A Pixel-Encoder Retinal Ganglion Cell with Spatially Offset Excitatory and Inhibitory Receptive Fields

Abstract

The spike trains of retinal ganglion cells (RGCs) are the only source of visual information to the brain. Here, we genetically identify an RGC type in mice that functions as a pixel encoder and increases firing to light increments (PixON-RGC). PixON-RGCs have medium-sized dendritic arbors and non-canonical center-surround receptive fields. From their receptive field center, PixON-RGCs receive only excitatory input, which encodes contrast and spatial information linearly. From their receptive field surround, PixON-RGCs receive only inhibitory input, which is temporally matched to the excitatory center input.
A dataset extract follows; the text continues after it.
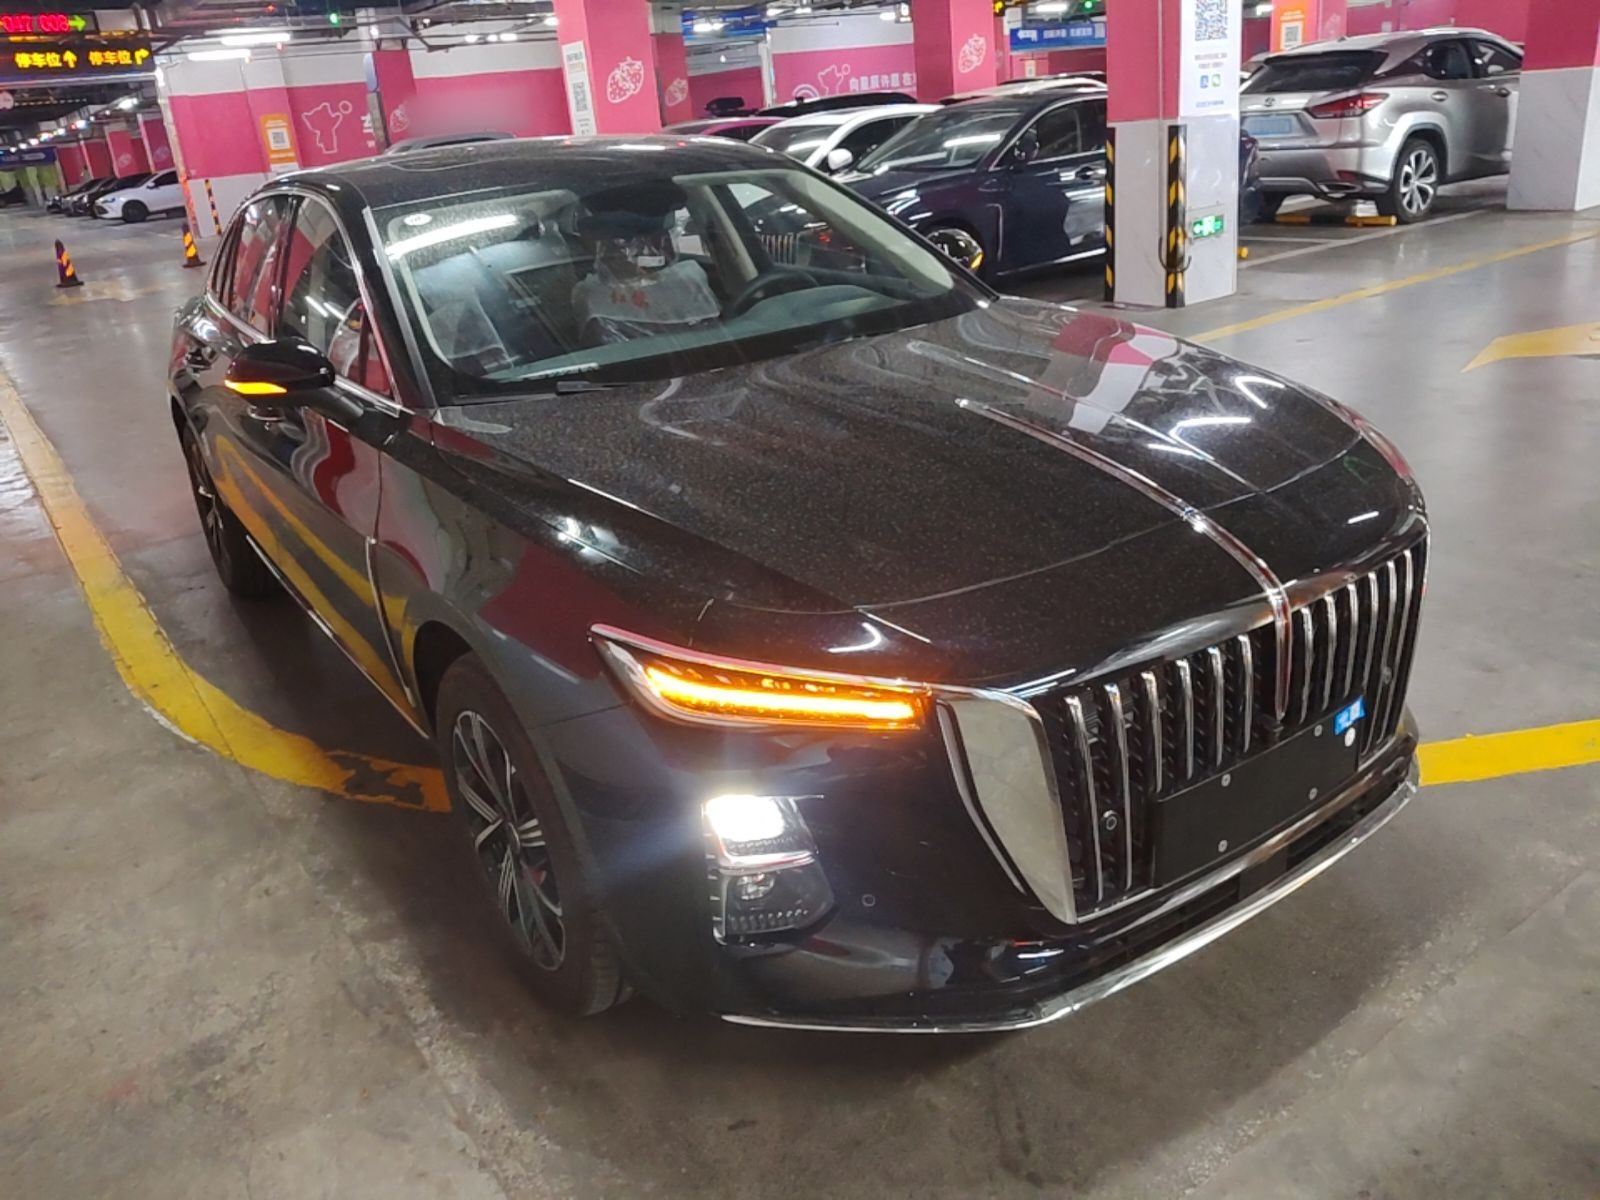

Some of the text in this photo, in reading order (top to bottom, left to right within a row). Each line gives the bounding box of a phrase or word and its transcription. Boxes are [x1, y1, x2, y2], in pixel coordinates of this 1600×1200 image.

As a result, the firing rate of PixON-RGCs linearly encodes local image contrast. Spatially offset (i.e., truly lateral) inhibition of PixON-RGCs arises from spiking GABAergic amacrine cells. The receptive field organization of PixON-RGCs is independent of stimulus wavelength (i.e., achromatic). PixON-RGCs project predominantly to the dorsal lateral geniculate nucleus (dLGN) of the thalamus and likely contribute to visual perception. Johnson et al. genetically identify a pixel-encoder retinal ganglion cell type in mice (PixON-RGCs). PixON-RGCs have spatially offset excitatory and inhibitory receptive fields and encode local image contrast approximately linearly. Their axons project to the dorsolateral geniculate nucleus of the thalamus indicating that PixON-RGCs likely contribute to visual perception.